Nine companies have been selected to participate in the FDA’s digital health software precertification pilot (FDA Pre-cert), to help advance digital health regulation in the US.
During his keynote address at the AdvaMed MedTech Conference, FDA commissioner Scott Gottlieb announced which companies would be taking part in the pilot. He said: “Our method for regulating digital health products must recognise the unique and iterative characteristics of these products. We need to modernise our regulatory framework so that it matches the kind of innovation we’re being asked to evaluate, and helps foster beneficial technology while ensuring that consumers have access to high-quality, safe and effective digital health devices. These pilot participants will help the agency shape a better and more agile approach toward digital health technology that focuses on the software developer rather than an individual product.”
The nine companies selected or the Pre-cert pilot include, Apple, Fitbit, Johnson & Johnson, Pear Therapeutics, Phosphorus, Roche, Samsung, Tidepool and Verily.
The FDA hopes that the Pre-cert pilot programme will help it put the right policies in place to promote safe and effective digital health products. The pilot will involve the FDA examining the software/digital health developer rather than the product itself to determine whether the company meets quality standards. The FDA will review systems for software design, validation and maintenance and if the company meets the standards, it will be precertified.
The FDA hopes that the information gained through the pilot will help determine the key metrics and performance indicators for precertification.

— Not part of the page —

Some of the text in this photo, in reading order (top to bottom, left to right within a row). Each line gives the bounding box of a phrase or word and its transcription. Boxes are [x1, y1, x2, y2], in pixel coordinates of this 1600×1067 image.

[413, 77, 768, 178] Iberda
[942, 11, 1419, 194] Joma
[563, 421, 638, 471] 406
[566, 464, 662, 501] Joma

The pilot is also intended as a way for the FDA to see if companies can submit less information than currently required before marketing a new digital health product. The organisation is also examining whether precertififed companies may not have to submit a product for premarket review.

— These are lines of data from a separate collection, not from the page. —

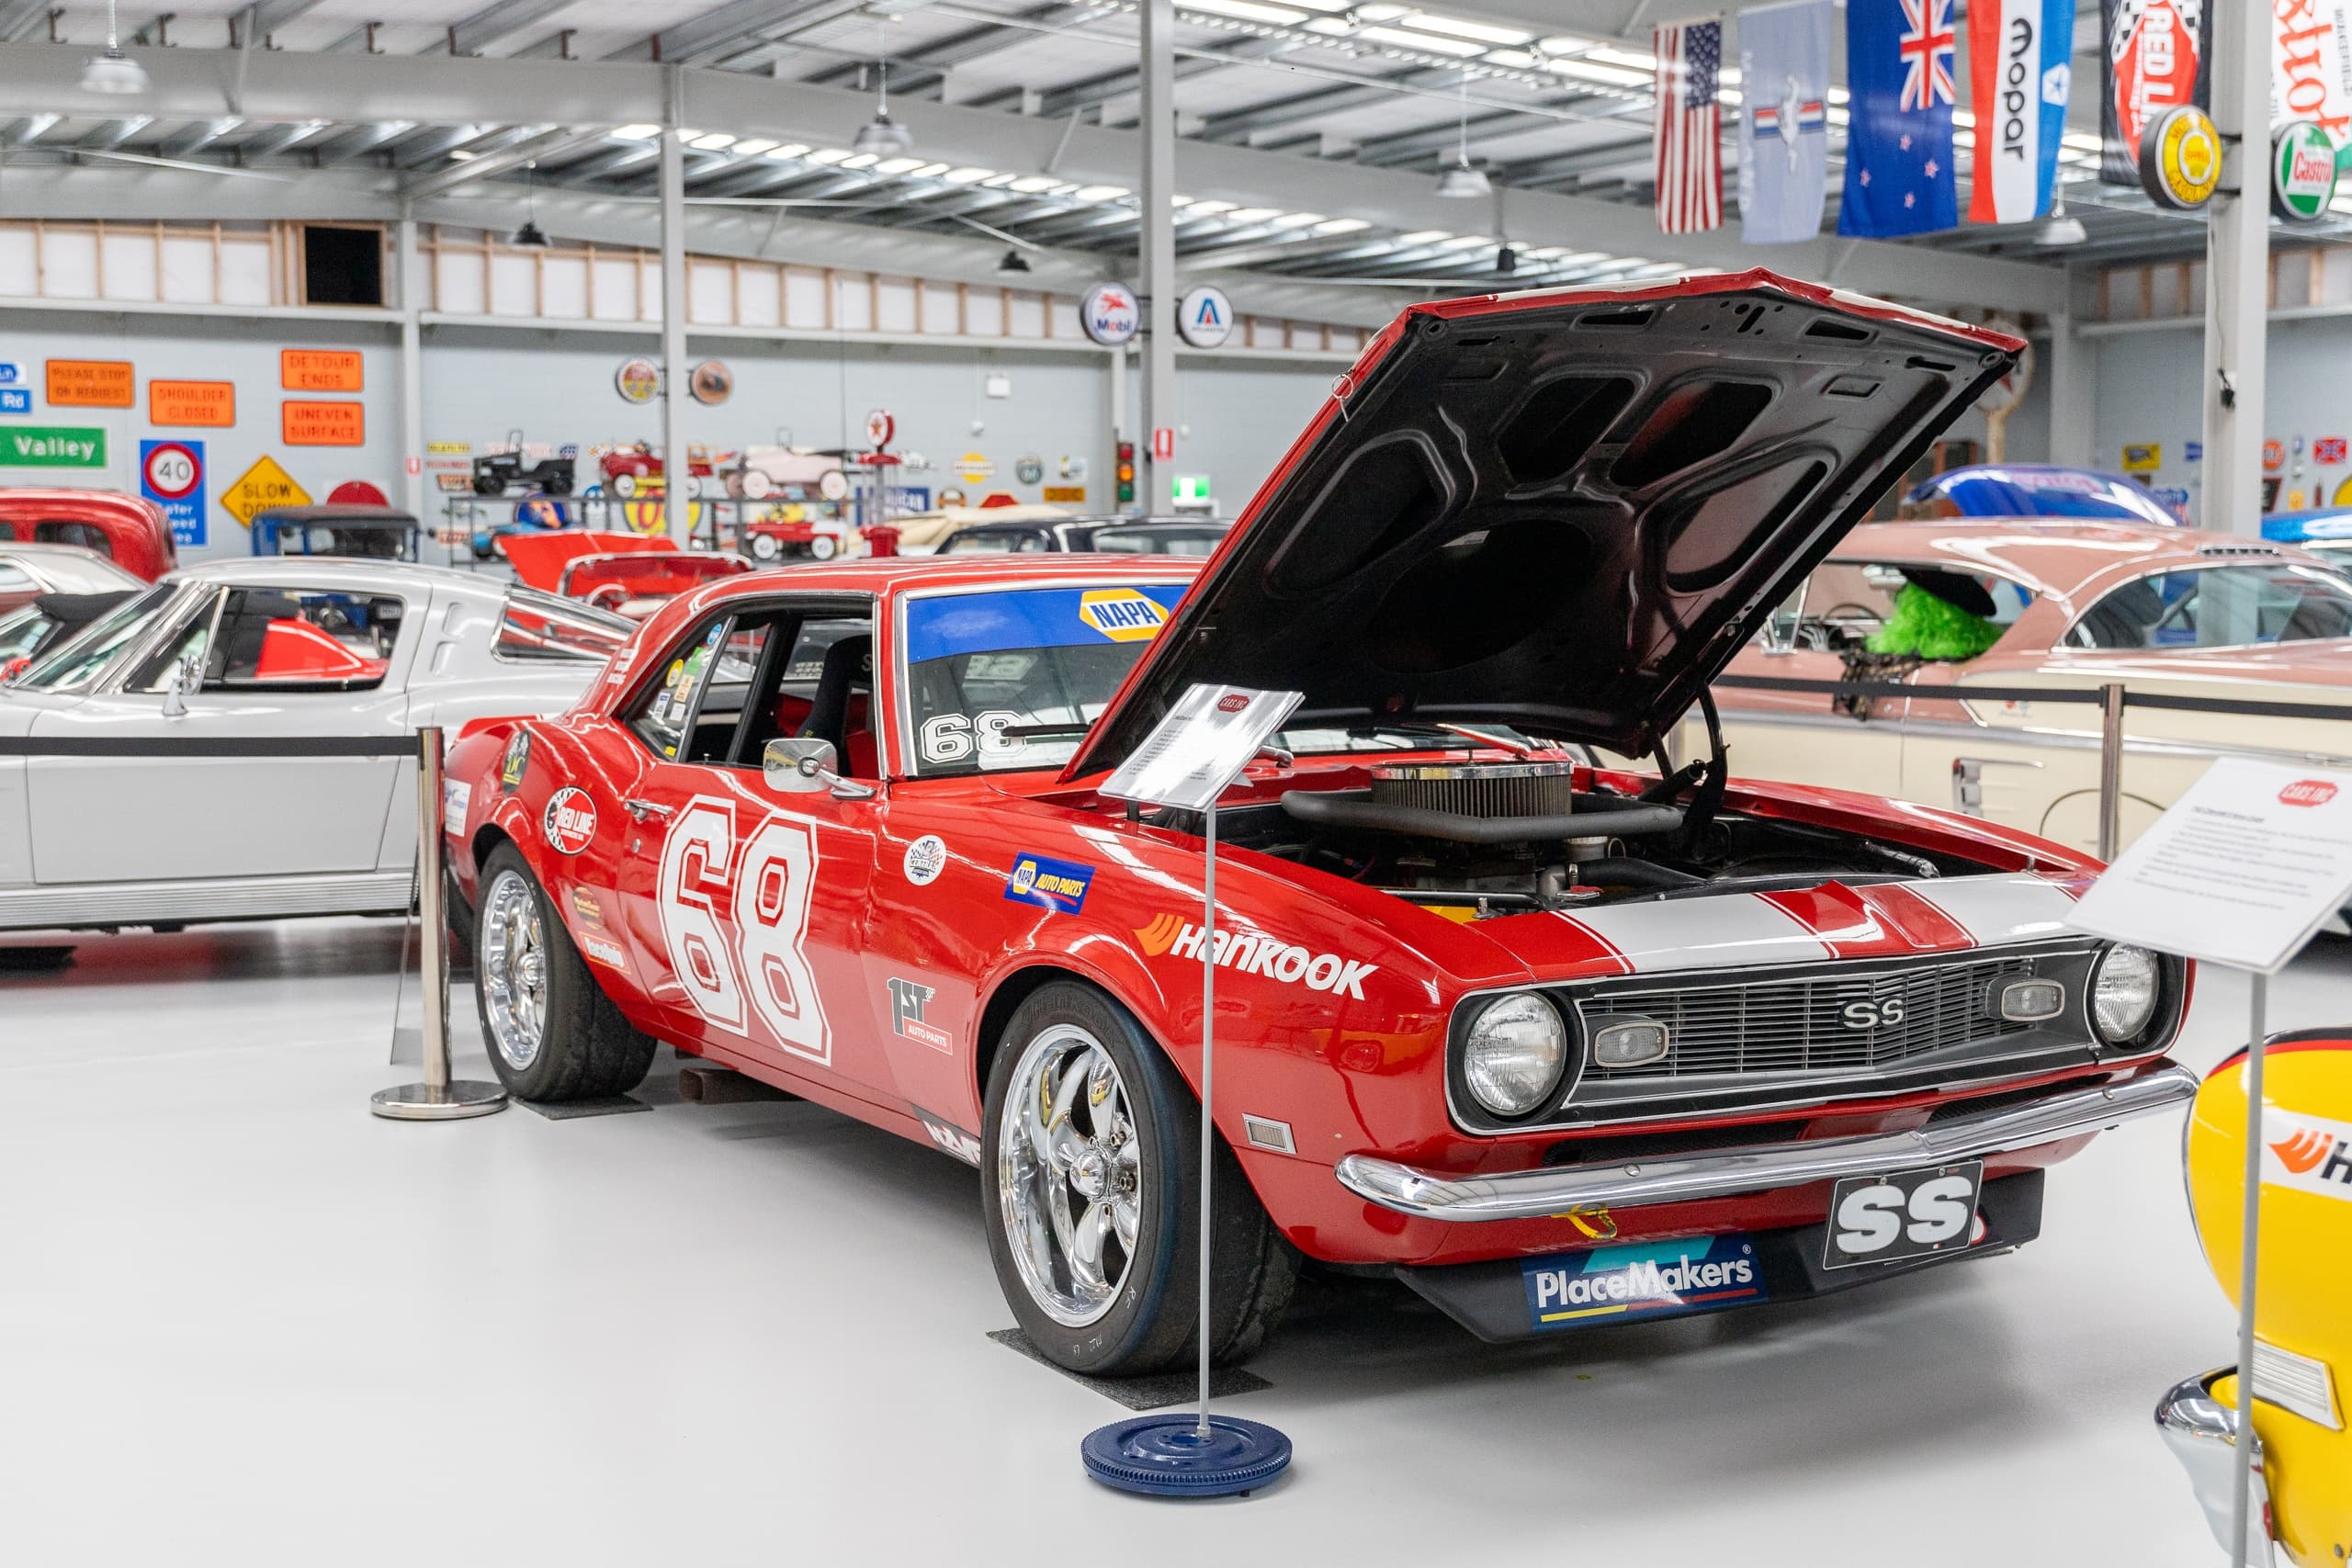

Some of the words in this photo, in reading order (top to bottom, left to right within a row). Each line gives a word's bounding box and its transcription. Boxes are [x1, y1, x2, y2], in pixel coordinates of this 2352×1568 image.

[2143, 7, 2175, 76] RED
[2293, 151, 2333, 185] Castrol
[1096, 319, 1132, 332] Mobil
[289, 355, 355, 368] DETOUR
[300, 373, 345, 387] ENDS
[3, 392, 24, 408] Rd
[159, 389, 226, 402] SHOULDER
[168, 406, 218, 420] CLOSED
[294, 408, 353, 421] UNEVEN
[290, 426, 356, 440] SURFACE
[15, 435, 96, 461] Valley
[159, 460, 191, 481] 40
[243, 484, 292, 498] SLOW
[165, 504, 193, 515] afer
[1090, 601, 1161, 628] NAPA
[920, 710, 1027, 764] 68
[558, 807, 575, 829] RED
[1016, 868, 1034, 885] NAPA
[1035, 874, 1057, 892] AUTO
[1057, 878, 1086, 897] PARTS
[656, 794, 831, 1066] 68
[1843, 998, 1904, 1029] SS
[908, 1023, 926, 1040] AUTO
[926, 1029, 947, 1047] PARTS
[1837, 1175, 1973, 1254] SS
[1536, 1254, 1754, 1308] PlaceMakers

Over 100 companies applied to take part in the pilot. The FDA had to consider several factors when selecting the participants such as company size, demonstrated record of quality, organisation excellence, clinical focus area and the risk profile of the product. The FDA states that it selected companies that represent different perspectives and unique approaches to digital health technology development.
Participants of the pilot have agreed to provide access to the measures they are using to develop, test and maintain their products, as well as how they collect post-market data. The companies will also be available for site visits by the FDA to provide information about their quality management system.
Bakul Patel, associate director for digital health in the FDA’s Center for Devices and Radiological Health, said: “We are extremely appreciative of the tremendous interest in participating in the FDA Pre-cert pilot program. The number of applicants speaks to the significant impact this approach could have on facilitating timely advancement of software that has the potential to benefit health. The diversity of the Pre-cert pilot program participants means that we will receive a variety of input on how the industry defines organisational excellence and other key performance indicators. This feedback will be invaluable as we progress through the pilot and onto the next stages of digital health oversight.”
James Park, co-founder and CEO of Fitbit, said: “We applaud the FDA for taking a progressive and thoughtful approach to designing a potential new digital health regulatory framework and are proud to have been selected to participate in this innovative pilot program. As Fitbit takes a more integrated role in personal healthcare, we are hopeful this will allow us to accelerate FDA regulated features and software development, bringing new capabilities that could positively impact health outcomes to market more quickly.”